Sequential chemoimmunotherapy of fludarabine, mitoxantrone, and cyclophosphamide induction followed by alemtuzumab consolidation is effective in T‐cell prolymphocytic leukemia

BACKGROUND Scarce systematic trial data have prevented uniform therapeutic guidelines for T‐cell prolymphocytic leukemia (T‐PLL). A central need in this historically refractory tumor is the controlled evaluation of multiagent chemotherapy and its combination with the currently most active single agent, alemtuzumab. METHODS This prospective multicenter phase 2 trial assessed response, survival, and toxicity of a novel regimen in previously treated (n = 9) and treatment‐naive (n = 16) patients with T‐PLL. Induction by fludarabine, mitoxantrone, and cyclophosphamide (FMC), for up to 4 cycles, was followed by alemtuzumab (A) consolidation, up to 12 weeks. RESULTS Of the 25 patients treated with FMC, 21 subsequently received alemtuzumab.
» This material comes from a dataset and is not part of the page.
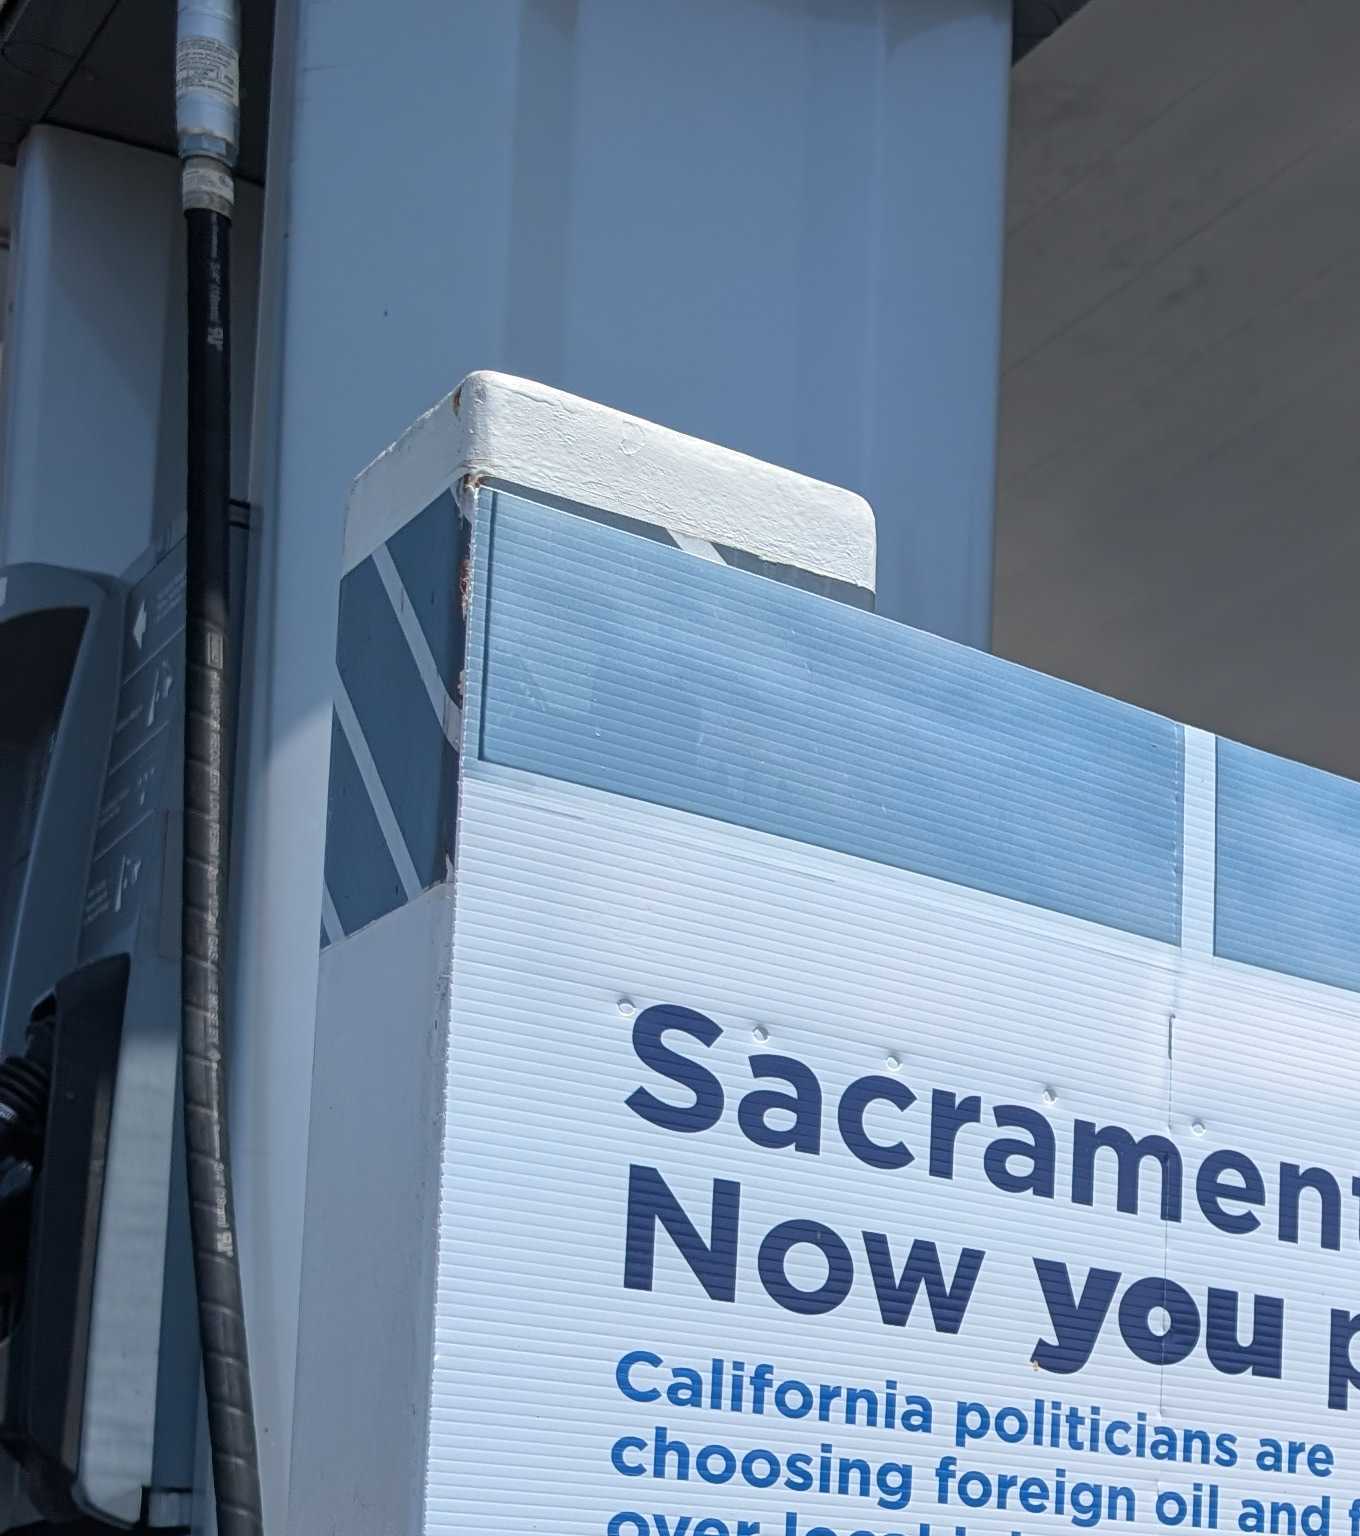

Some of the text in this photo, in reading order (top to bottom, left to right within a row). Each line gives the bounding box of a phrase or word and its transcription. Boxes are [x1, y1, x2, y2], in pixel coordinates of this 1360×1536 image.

Overall response rate to FMC was 68%, comprising 6 complete remissions (all bone‐marrow confirmed) and 11 partial remissions. Alemtuzumab consolidation increased the intent‐to‐treat overall response rate to 92% (12 complete remissions; 11 partial remissions). Median overall survival after FMC‐A was 17.1 months and median progression‐free survival was 11.9 months. Progression‐free survival tended to be shorter for patients with high‐level T‐cell leukemia 1 oncoprotein expression. Hematologic toxicities were the most frequent grade 3/4 side effects under FMC‐A. Exclusively in the 21 alemtuzumab‐consolidated patients, 13 cytomegalovirus reactivations were observed; 9 of these 13 represented a clinically relevant infection. CONCLUSIONS FMC‐A is a safe and efficient protocol in T‐PLL, which compares favorably to published data. Cancer 2013;119:2258–2267. © 2013 American Cancer Society.